Data provided Block Start

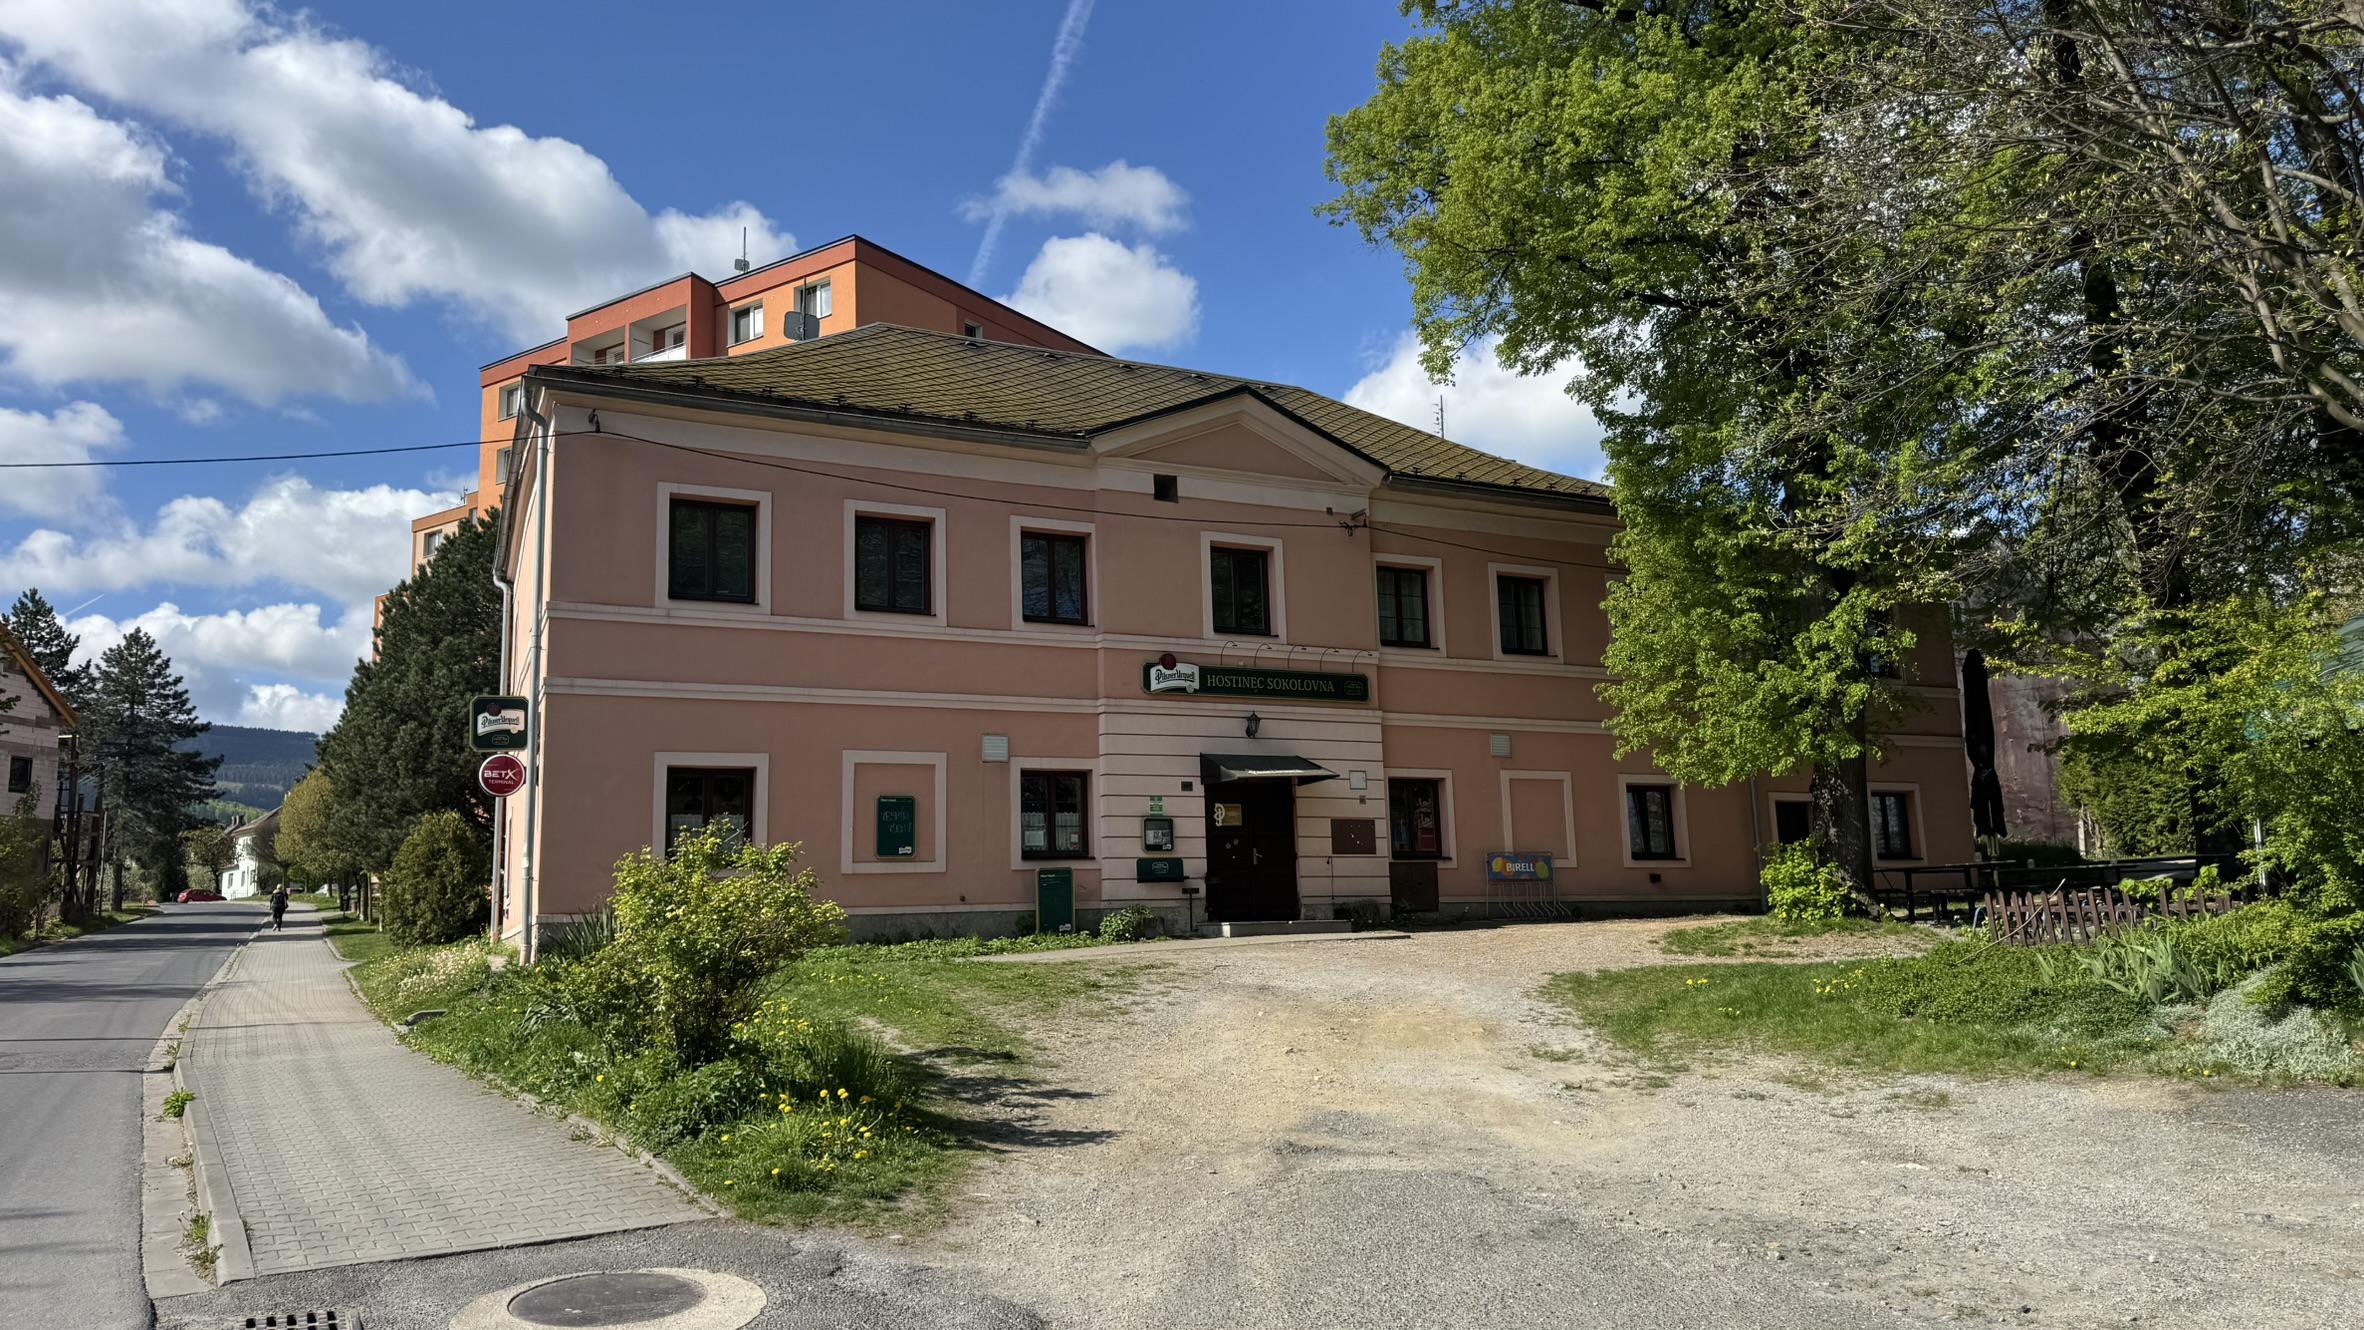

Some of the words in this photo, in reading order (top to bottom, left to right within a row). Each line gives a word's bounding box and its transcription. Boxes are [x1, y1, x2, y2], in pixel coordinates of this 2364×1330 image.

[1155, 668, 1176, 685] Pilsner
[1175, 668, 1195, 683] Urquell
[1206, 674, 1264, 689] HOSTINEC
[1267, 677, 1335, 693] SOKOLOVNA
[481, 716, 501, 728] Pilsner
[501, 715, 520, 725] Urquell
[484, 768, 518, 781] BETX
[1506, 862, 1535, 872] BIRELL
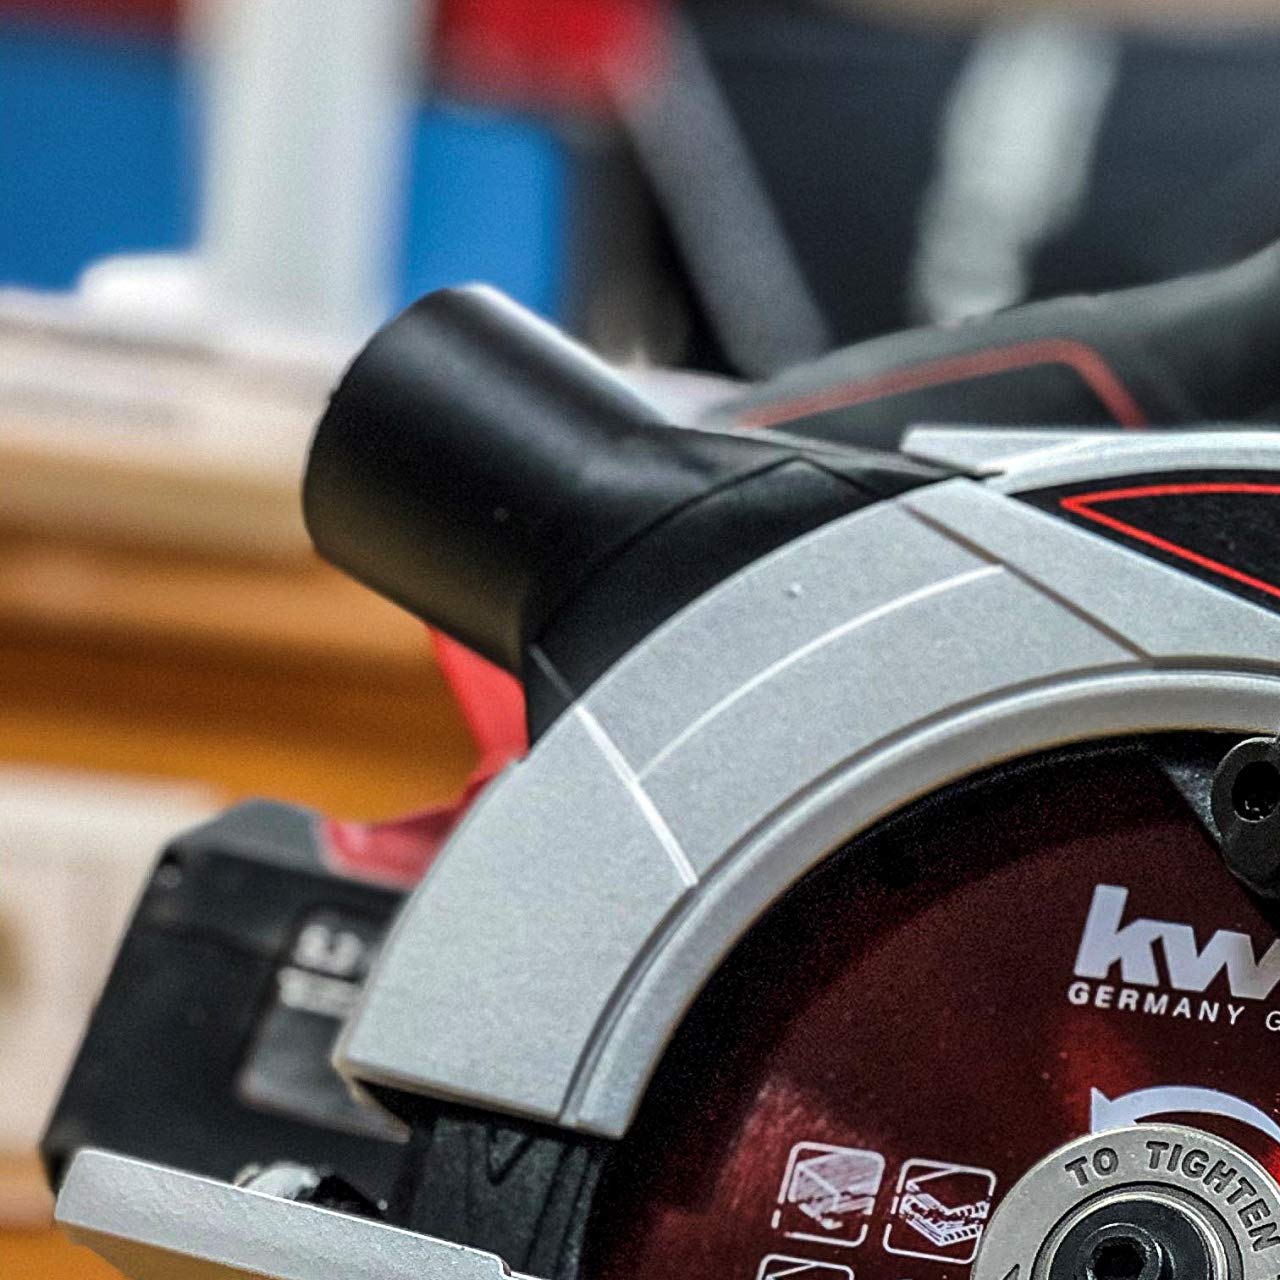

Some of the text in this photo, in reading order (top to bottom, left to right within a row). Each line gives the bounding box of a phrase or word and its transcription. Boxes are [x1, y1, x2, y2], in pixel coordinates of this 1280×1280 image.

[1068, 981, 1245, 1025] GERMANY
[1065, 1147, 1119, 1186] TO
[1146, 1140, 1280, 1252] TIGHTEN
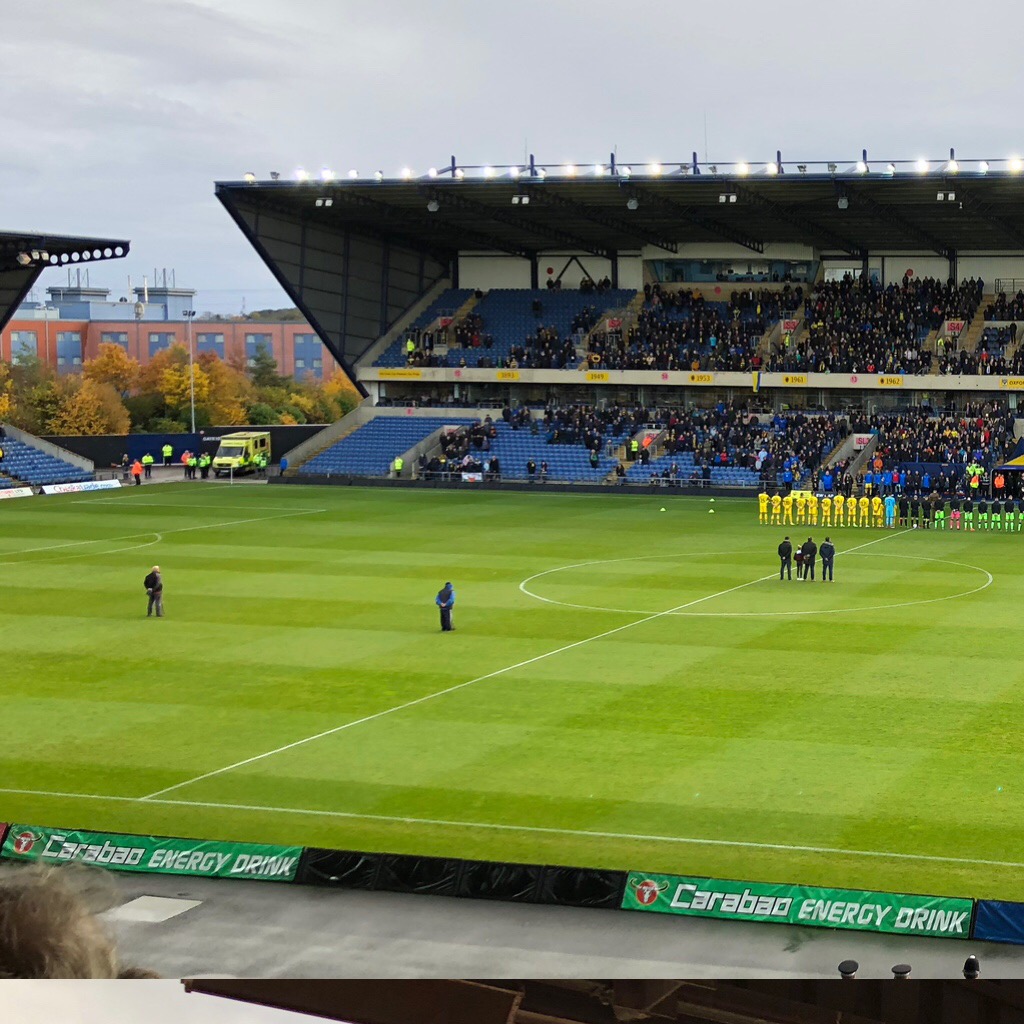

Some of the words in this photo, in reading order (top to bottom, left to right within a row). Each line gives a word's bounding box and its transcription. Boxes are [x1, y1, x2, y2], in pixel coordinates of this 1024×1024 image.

Data provided Block End

Task to complete ▸ Without any pictures, return the entries exactly as given.

Answer box ▸
Some of the words in this photo, in reading order (top to bottom, left to right within a row). Each line gives a word's bounding box and its transcription. Boxes are [x1, y1, x2, y2], in pixel coordinates of this 2364×1330 image.

[1155, 668, 1176, 685] Pilsner
[1175, 668, 1195, 683] Urquell
[1206, 674, 1264, 689] HOSTINEC
[1267, 677, 1335, 693] SOKOLOVNA
[481, 716, 501, 728] Pilsner
[501, 715, 520, 725] Urquell
[484, 768, 518, 781] BETX
[1506, 862, 1535, 872] BIRELL

Some of the text in this photo, in reading order (top to bottom, left to right within a row). Each line gives the bounding box of a phrase or word and its transcription. Boxes are [x1, y1, x2, y2], in pixel coordinates of this 1280×1280 image.

[1068, 981, 1245, 1025] GERMANY
[1065, 1147, 1119, 1186] TO
[1146, 1140, 1280, 1252] TIGHTEN

Some of the words in this photo, in reading order (top to bottom, left to right within a row). Each line gives a word's bounding box and its transcription. Boxes are [x1, y1, x2, y2], in pixel coordinates of this 1024×1024 image.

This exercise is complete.